START Information

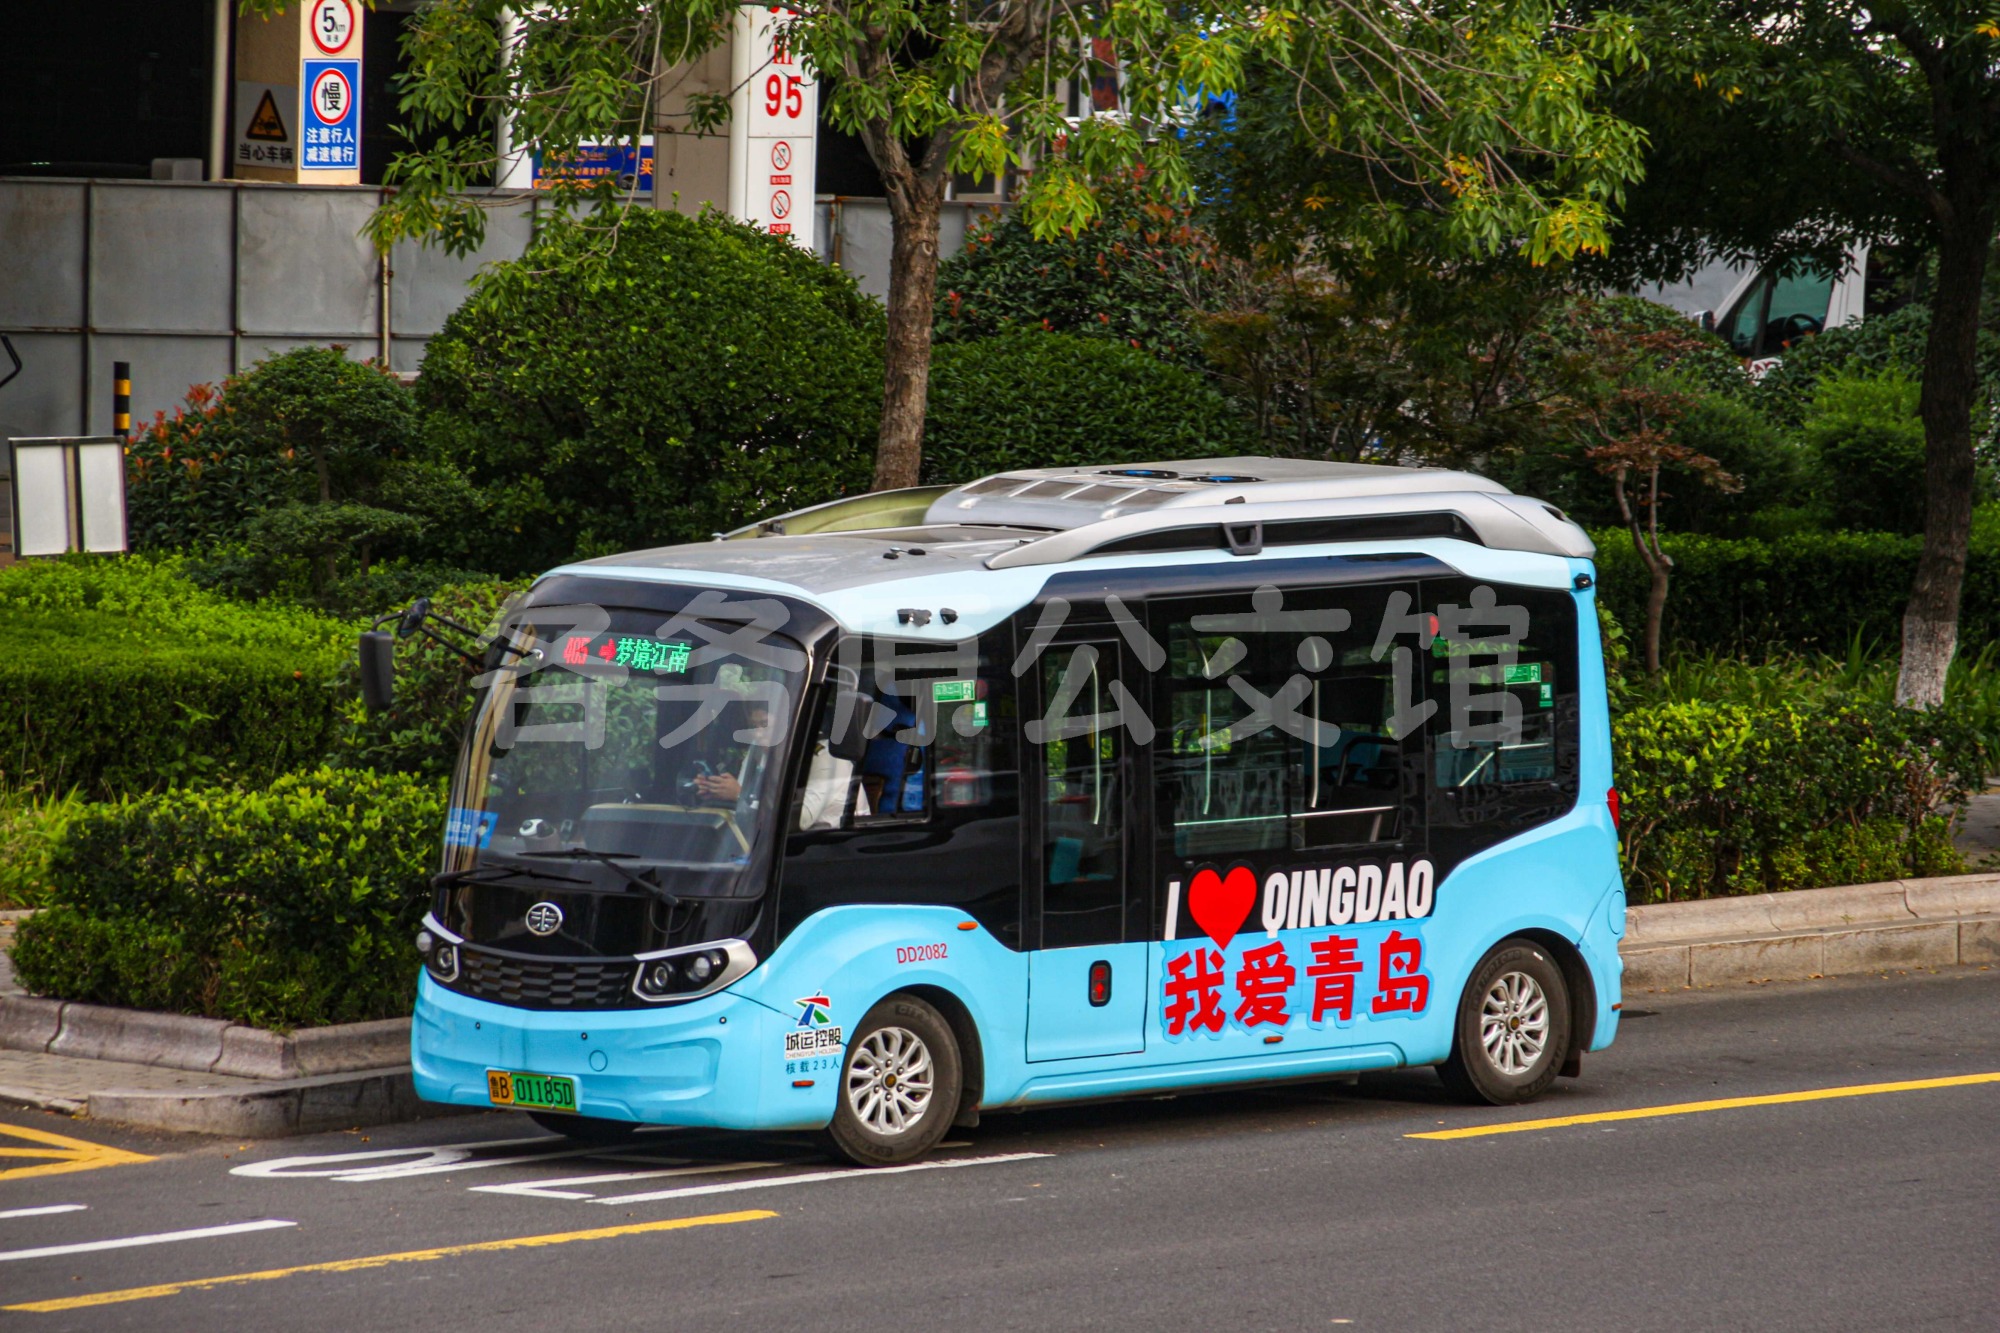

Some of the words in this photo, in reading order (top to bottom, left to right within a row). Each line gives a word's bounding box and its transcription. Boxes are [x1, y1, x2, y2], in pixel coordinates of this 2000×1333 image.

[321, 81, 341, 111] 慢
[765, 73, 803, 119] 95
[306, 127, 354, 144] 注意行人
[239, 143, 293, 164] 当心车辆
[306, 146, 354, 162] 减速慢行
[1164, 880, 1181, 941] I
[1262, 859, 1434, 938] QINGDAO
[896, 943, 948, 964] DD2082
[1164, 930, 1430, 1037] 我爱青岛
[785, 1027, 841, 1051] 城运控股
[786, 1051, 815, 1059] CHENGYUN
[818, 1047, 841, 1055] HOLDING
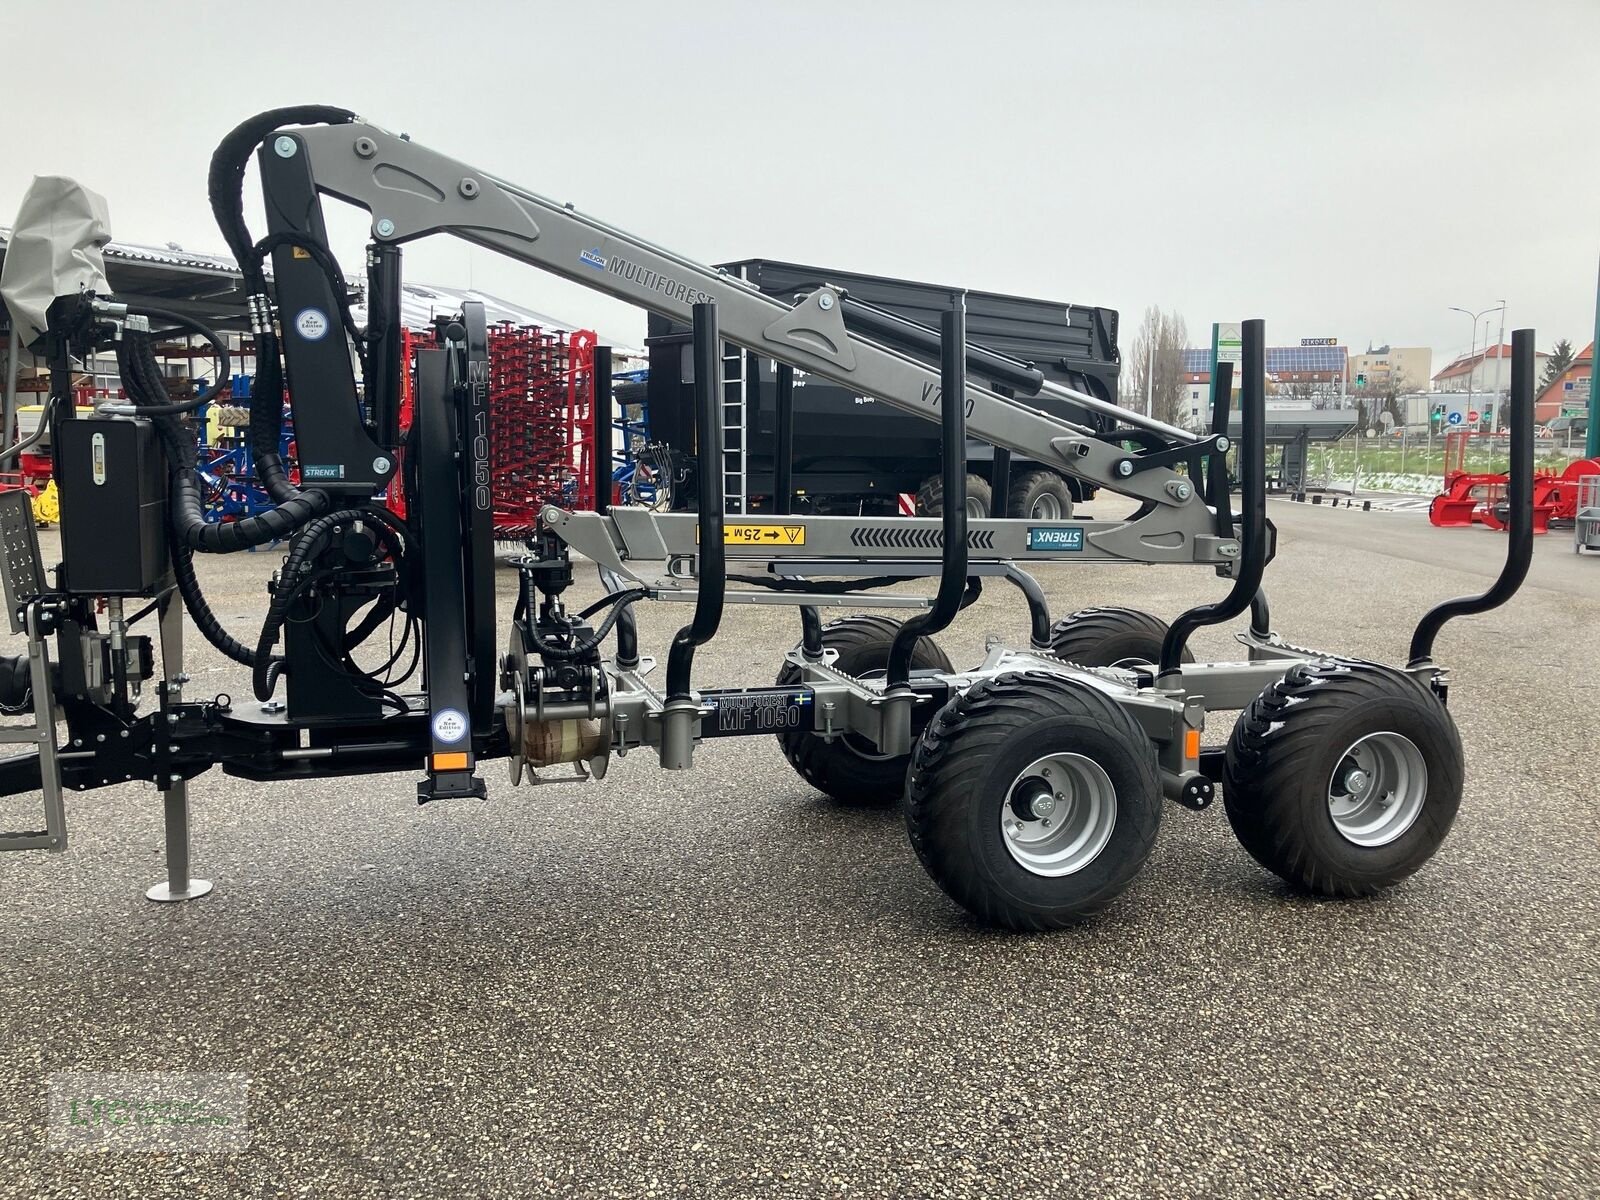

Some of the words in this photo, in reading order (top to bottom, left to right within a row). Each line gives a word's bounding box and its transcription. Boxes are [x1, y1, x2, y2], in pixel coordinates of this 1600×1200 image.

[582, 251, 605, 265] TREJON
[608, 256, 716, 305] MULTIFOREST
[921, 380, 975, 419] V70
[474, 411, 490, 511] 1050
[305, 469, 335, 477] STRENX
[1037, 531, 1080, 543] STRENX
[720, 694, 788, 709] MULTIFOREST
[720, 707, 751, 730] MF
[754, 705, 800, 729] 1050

END Information

- **Problem to work on**
Leaving out the pictures, repeat all of the entries exactly.

- **Answer section**
Some of the words in this photo, in reading order (top to bottom, left to right within a row). Each line gives a word's bounding box and its transcription. Boxes are [x1, y1, x2, y2], in pixel coordinates of this 2000×1333 image.

[321, 81, 341, 111] 慢
[765, 73, 803, 119] 95
[306, 127, 354, 144] 注意行人
[239, 143, 293, 164] 当心车辆
[306, 146, 354, 162] 减速慢行
[1164, 880, 1181, 941] I
[1262, 859, 1434, 938] QINGDAO
[896, 943, 948, 964] DD2082
[1164, 930, 1430, 1037] 我爱青岛
[785, 1027, 841, 1051] 城运控股
[786, 1051, 815, 1059] CHENGYUN
[818, 1047, 841, 1055] HOLDING

Some of the words in this photo, in reading order (top to bottom, left to right within a row). Each line gives a word's bounding box and its transcription. Boxes are [x1, y1, x2, y2], in pixel coordinates of this 1600×1200 image.

[582, 251, 605, 265] TREJON
[608, 256, 716, 305] MULTIFOREST
[921, 380, 975, 419] V70
[474, 411, 490, 511] 1050
[305, 469, 335, 477] STRENX
[1037, 531, 1080, 543] STRENX
[720, 694, 788, 709] MULTIFOREST
[720, 707, 751, 730] MF
[754, 705, 800, 729] 1050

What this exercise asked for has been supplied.